BEGIN INFORMATION GIVEN
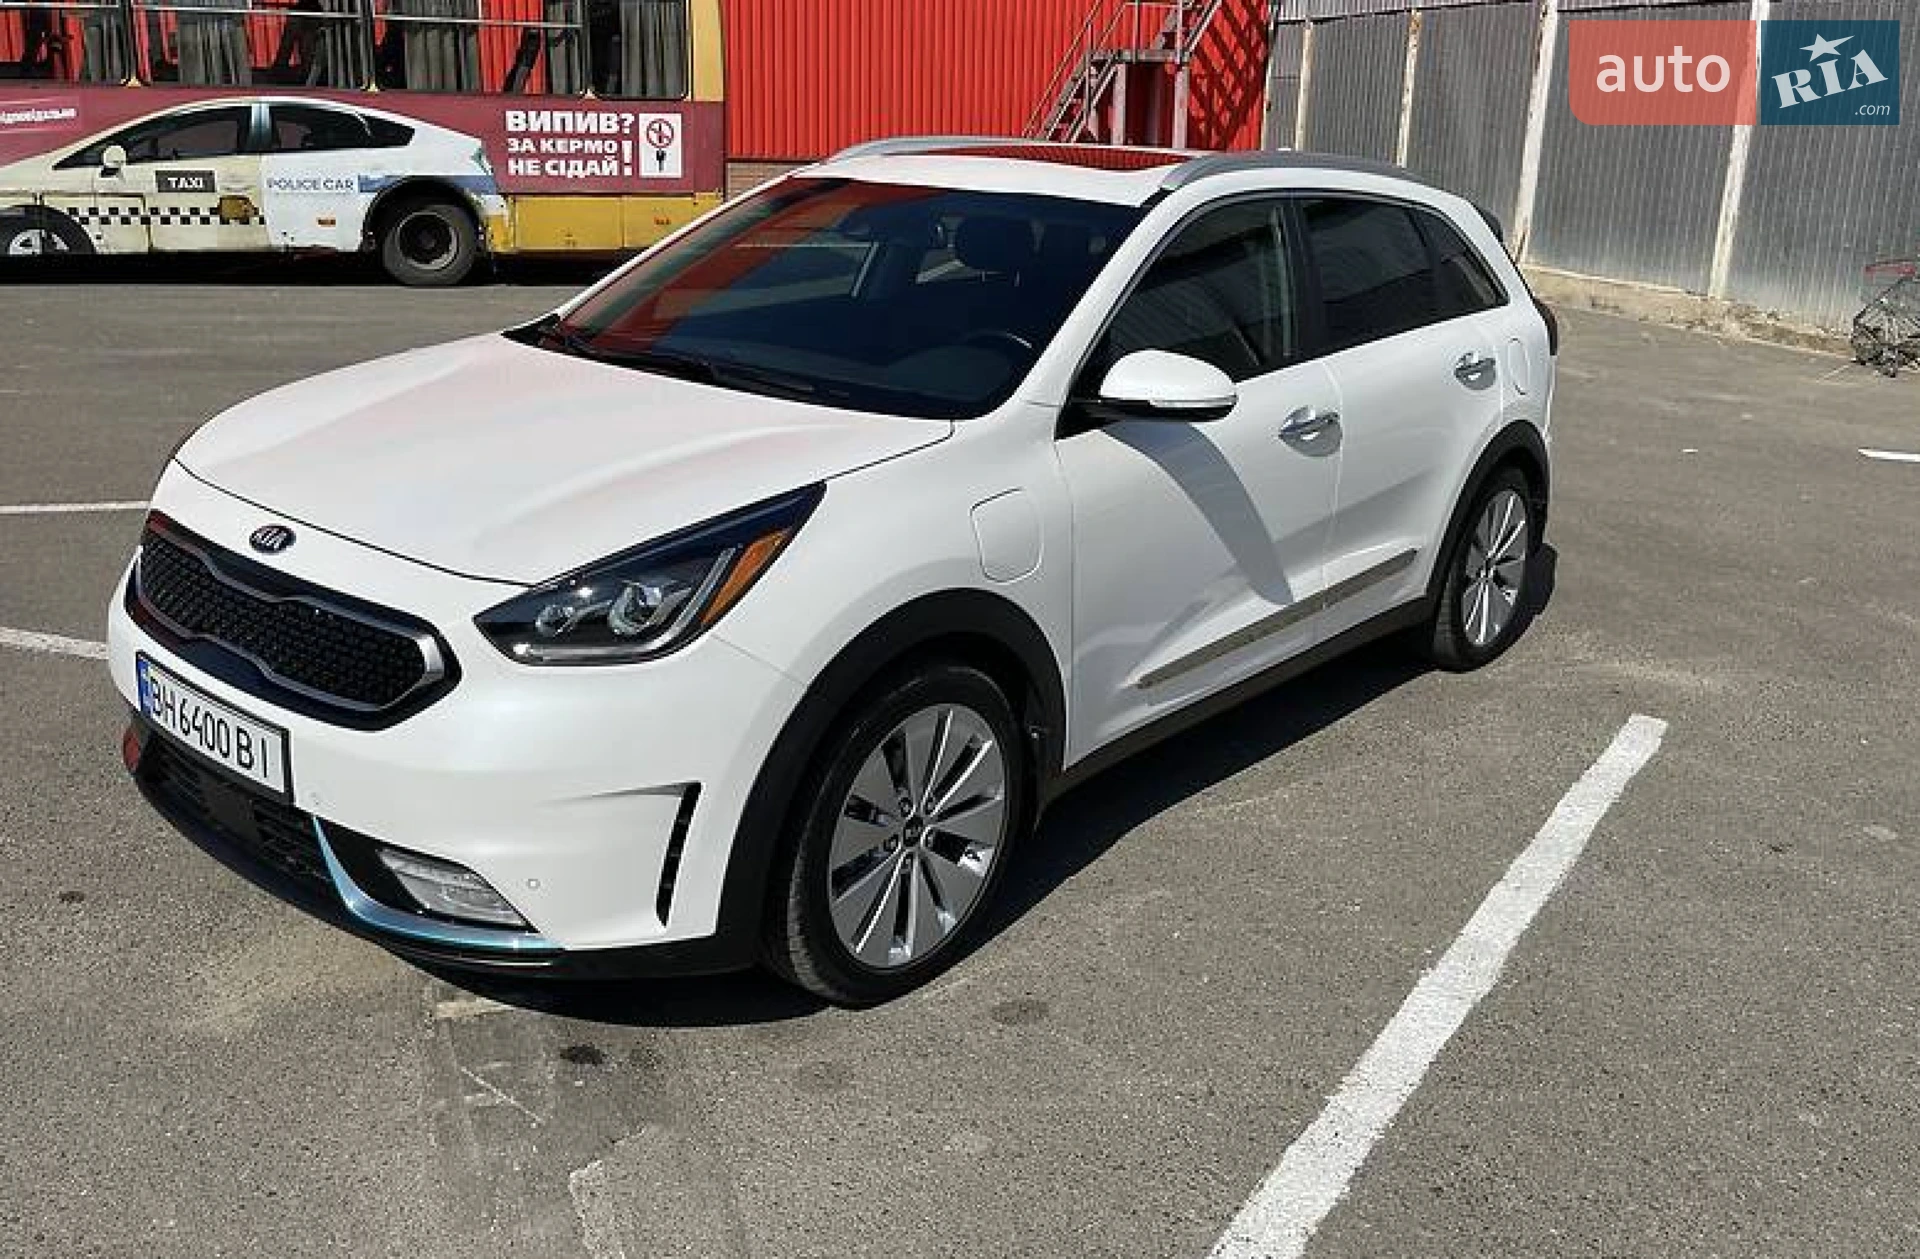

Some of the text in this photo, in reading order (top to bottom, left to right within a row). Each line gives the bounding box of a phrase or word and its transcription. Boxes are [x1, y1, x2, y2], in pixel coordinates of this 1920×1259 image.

[505, 110, 635, 134] ВИПИВ?
[507, 137, 618, 154] ЗА КЕРМО
[508, 159, 541, 176] НЕ
[167, 177, 204, 189] TAXI
[266, 177, 354, 190] POLICE CAR
[179, 697, 230, 758] 6400
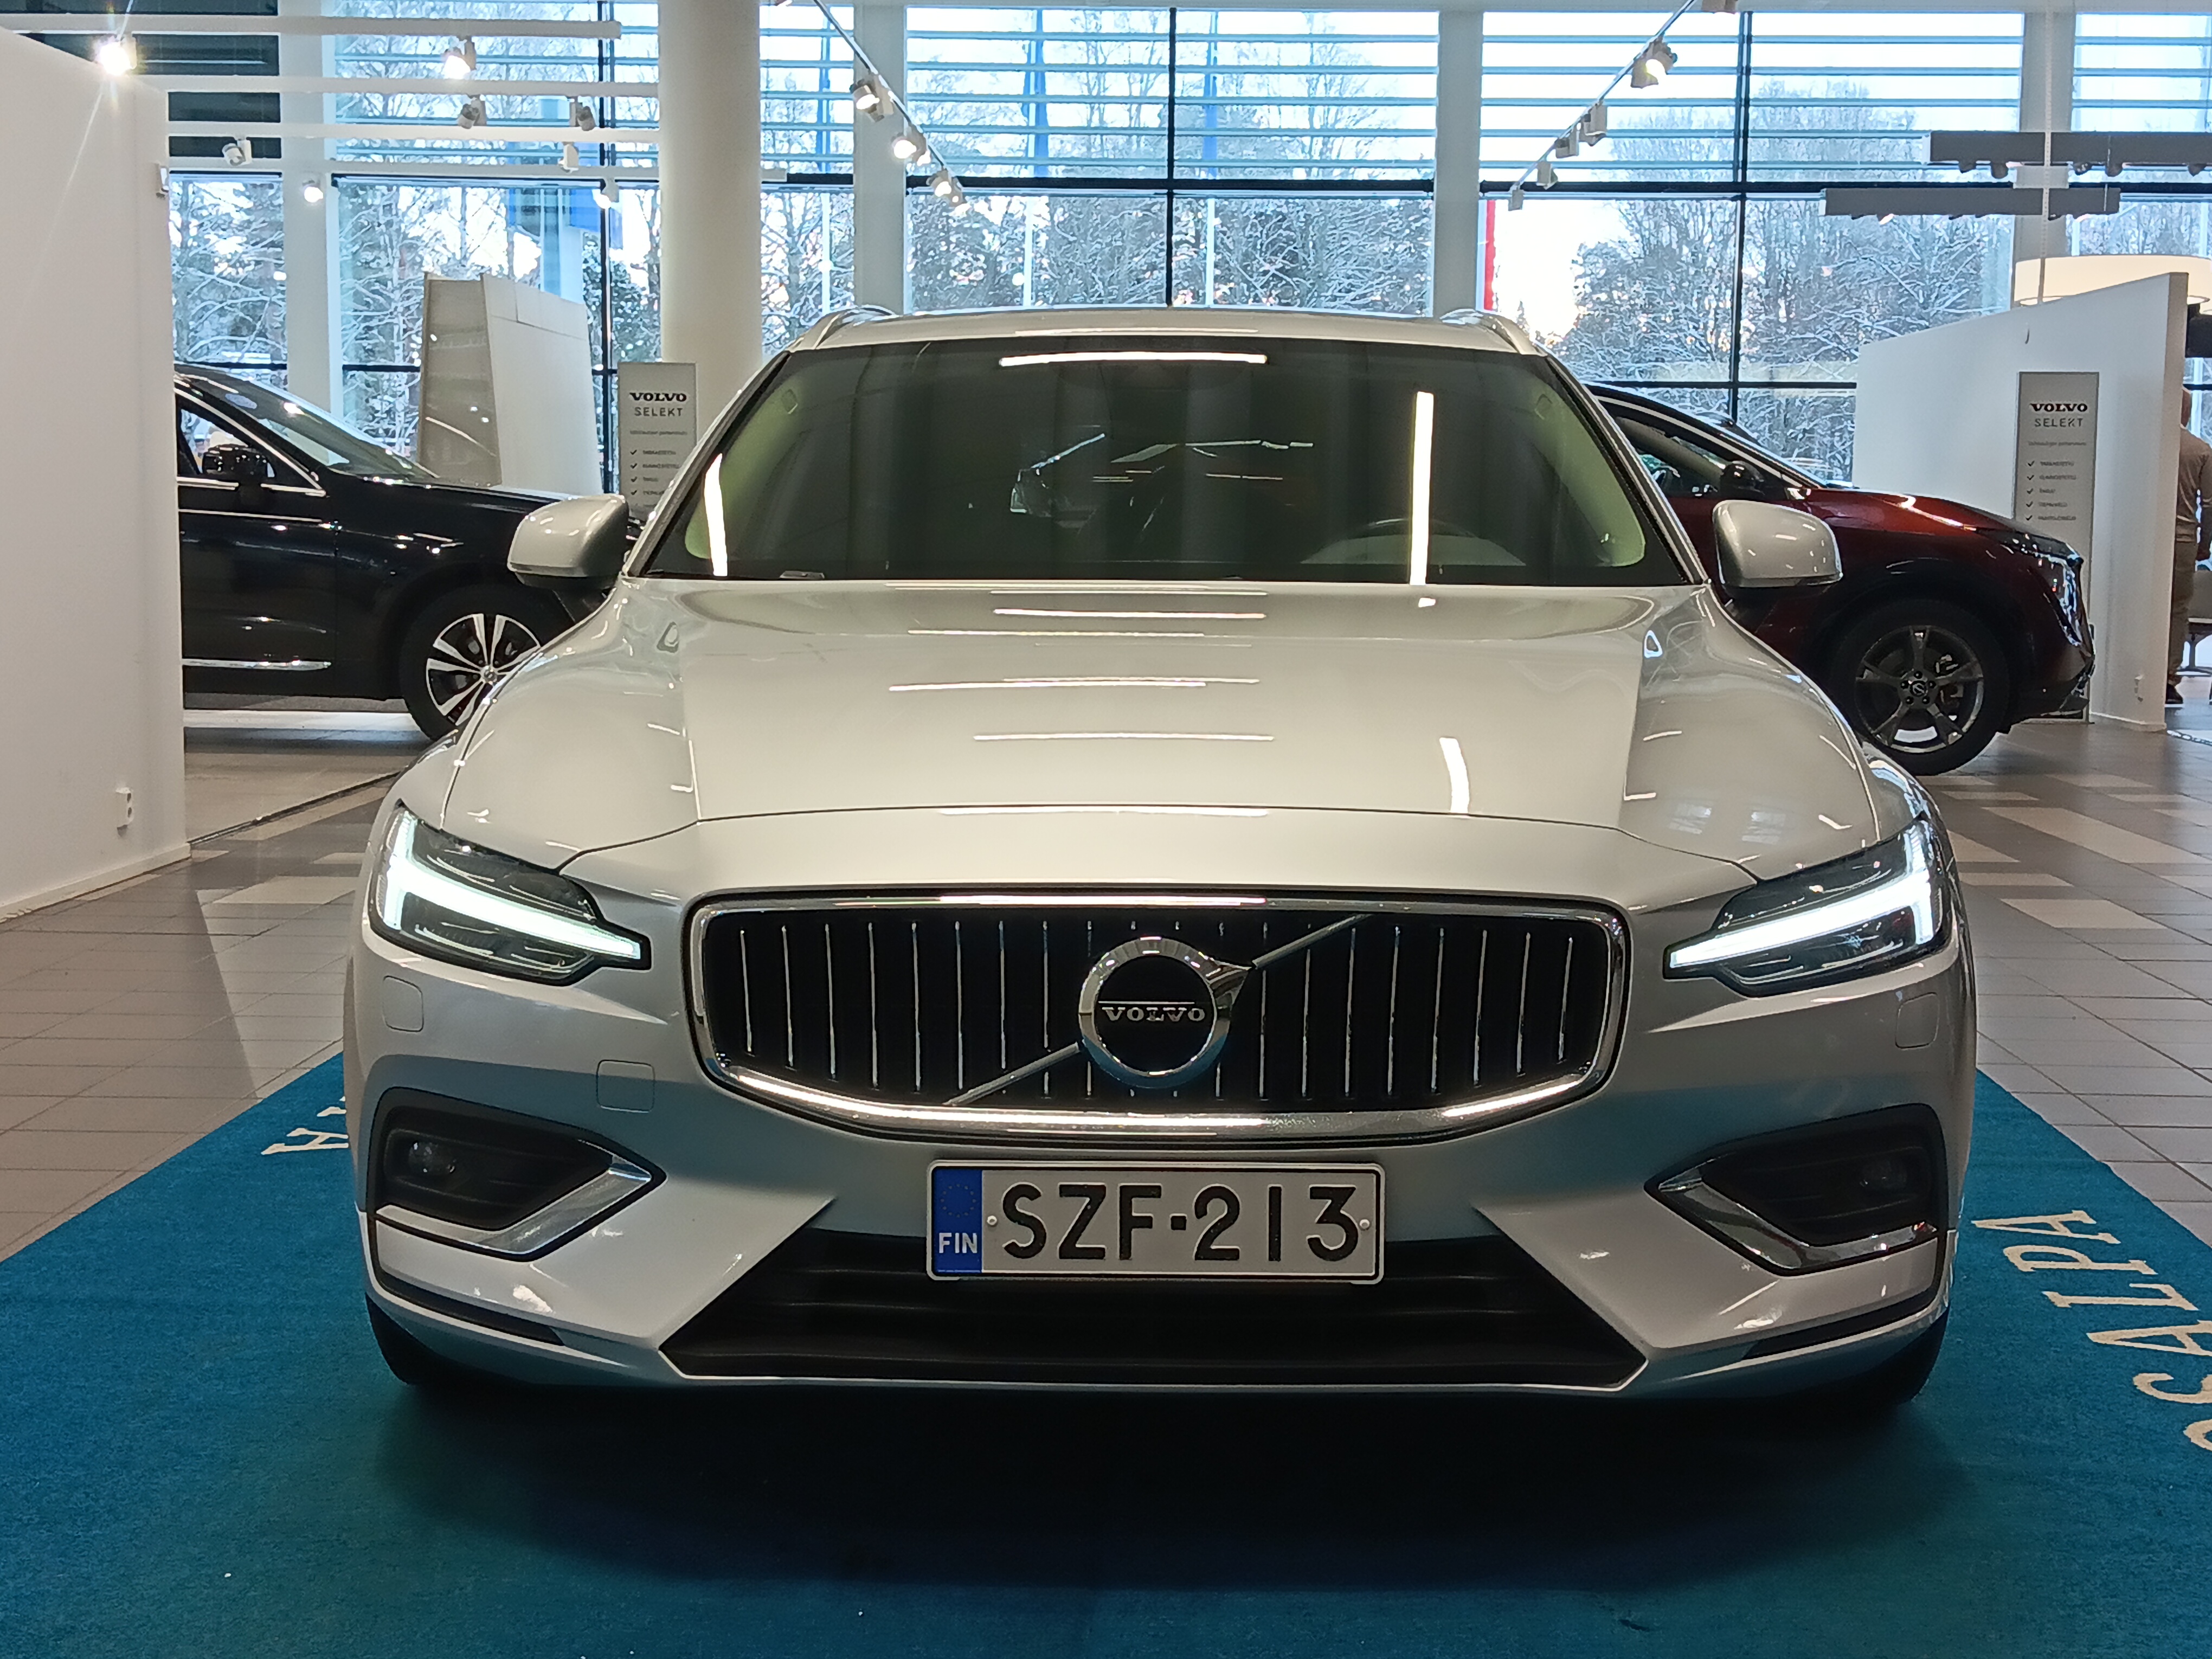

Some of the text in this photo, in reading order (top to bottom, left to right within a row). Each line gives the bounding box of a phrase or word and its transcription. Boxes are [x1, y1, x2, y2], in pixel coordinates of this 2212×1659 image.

[629, 393, 687, 402] VOLVO
[634, 407, 683, 416] SELEKT
[2030, 403, 2088, 412] VOLVO
[2035, 418, 2084, 427] SELEKT
[1102, 1007, 1205, 1021] VOLVO
[938, 1232, 978, 1253] FIN
[1971, 1210, 2212, 1451] SALPA
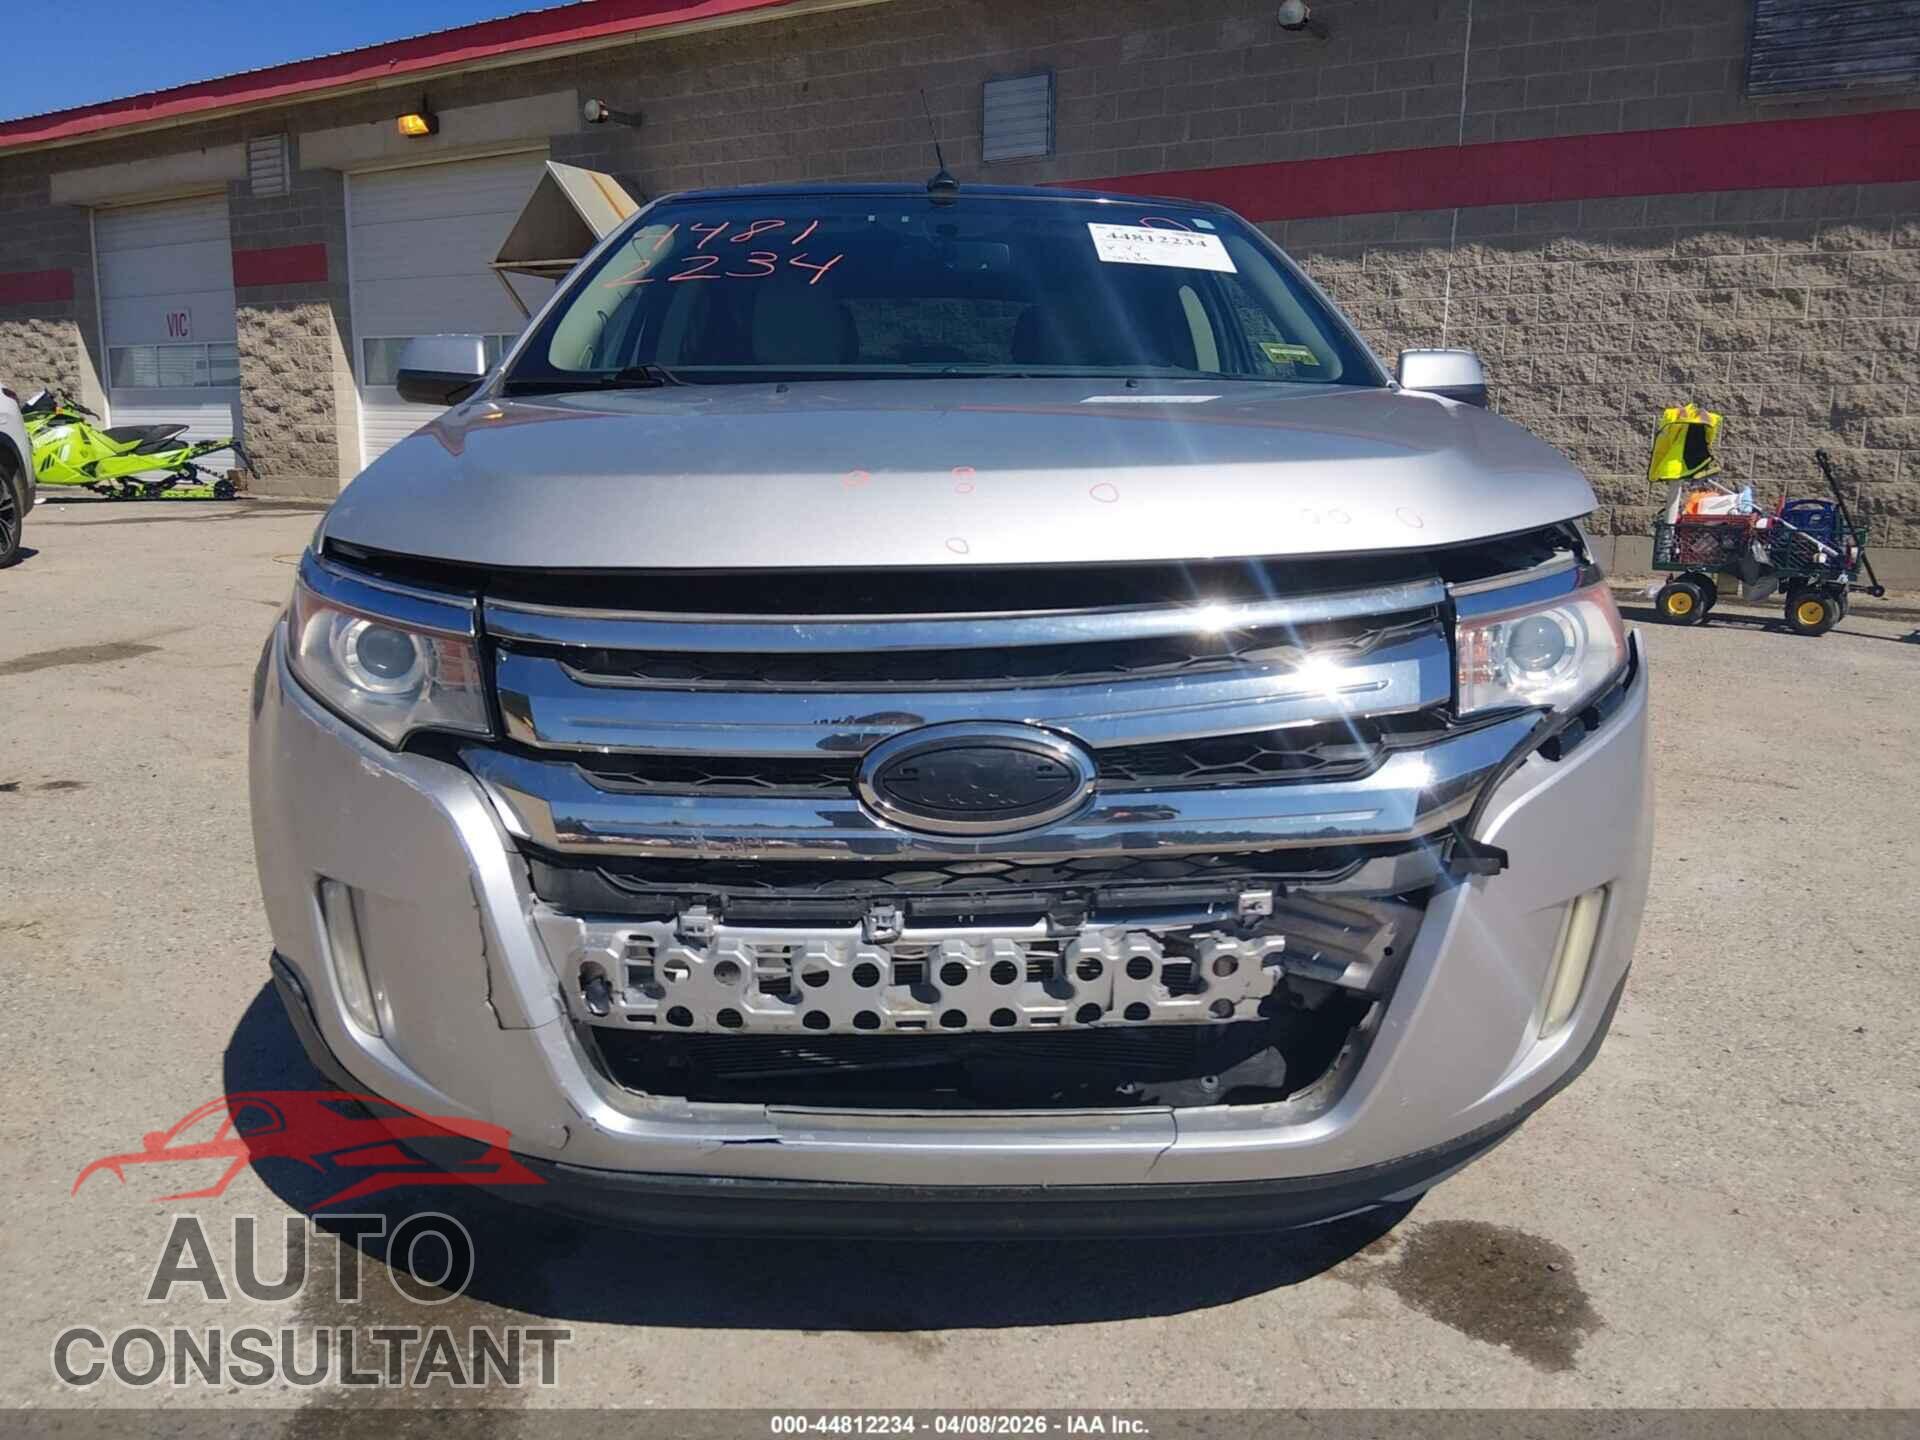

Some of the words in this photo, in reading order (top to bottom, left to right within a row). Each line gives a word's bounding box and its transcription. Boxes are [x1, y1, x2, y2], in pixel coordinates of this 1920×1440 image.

[1105, 231, 1208, 249] 44812234
[602, 251, 844, 286] 2234
[166, 312, 189, 337] VIC
END INFORMATION GIVEN
__WHAT THIS TASK INVOLVES__
Could you retype the records above exactly, omitting the pictures?

__TASK RESULT__
Some of the text in this photo, in reading order (top to bottom, left to right within a row). Each line gives the bounding box of a phrase or word and its transcription. Boxes are [x1, y1, x2, y2], in pixel coordinates of this 1920×1259 image.

[505, 110, 635, 134] ВИПИВ?
[507, 137, 618, 154] ЗА КЕРМО
[508, 159, 541, 176] НЕ
[167, 177, 204, 189] TAXI
[266, 177, 354, 190] POLICE CAR
[179, 697, 230, 758] 6400

Some of the text in this photo, in reading order (top to bottom, left to right within a row). Each line gives the bounding box of a phrase or word and its transcription. Boxes are [x1, y1, x2, y2], in pixel coordinates of this 2212×1659 image.

[629, 393, 687, 402] VOLVO
[634, 407, 683, 416] SELEKT
[2030, 403, 2088, 412] VOLVO
[2035, 418, 2084, 427] SELEKT
[1102, 1007, 1205, 1021] VOLVO
[938, 1232, 978, 1253] FIN
[1971, 1210, 2212, 1451] SALPA

Some of the words in this photo, in reading order (top to bottom, left to right within a row). Each line gives a word's bounding box and its transcription. Boxes are [x1, y1, x2, y2], in pixel coordinates of this 1920×1440 image.

[1105, 231, 1208, 249] 44812234
[602, 251, 844, 286] 2234
[166, 312, 189, 337] VIC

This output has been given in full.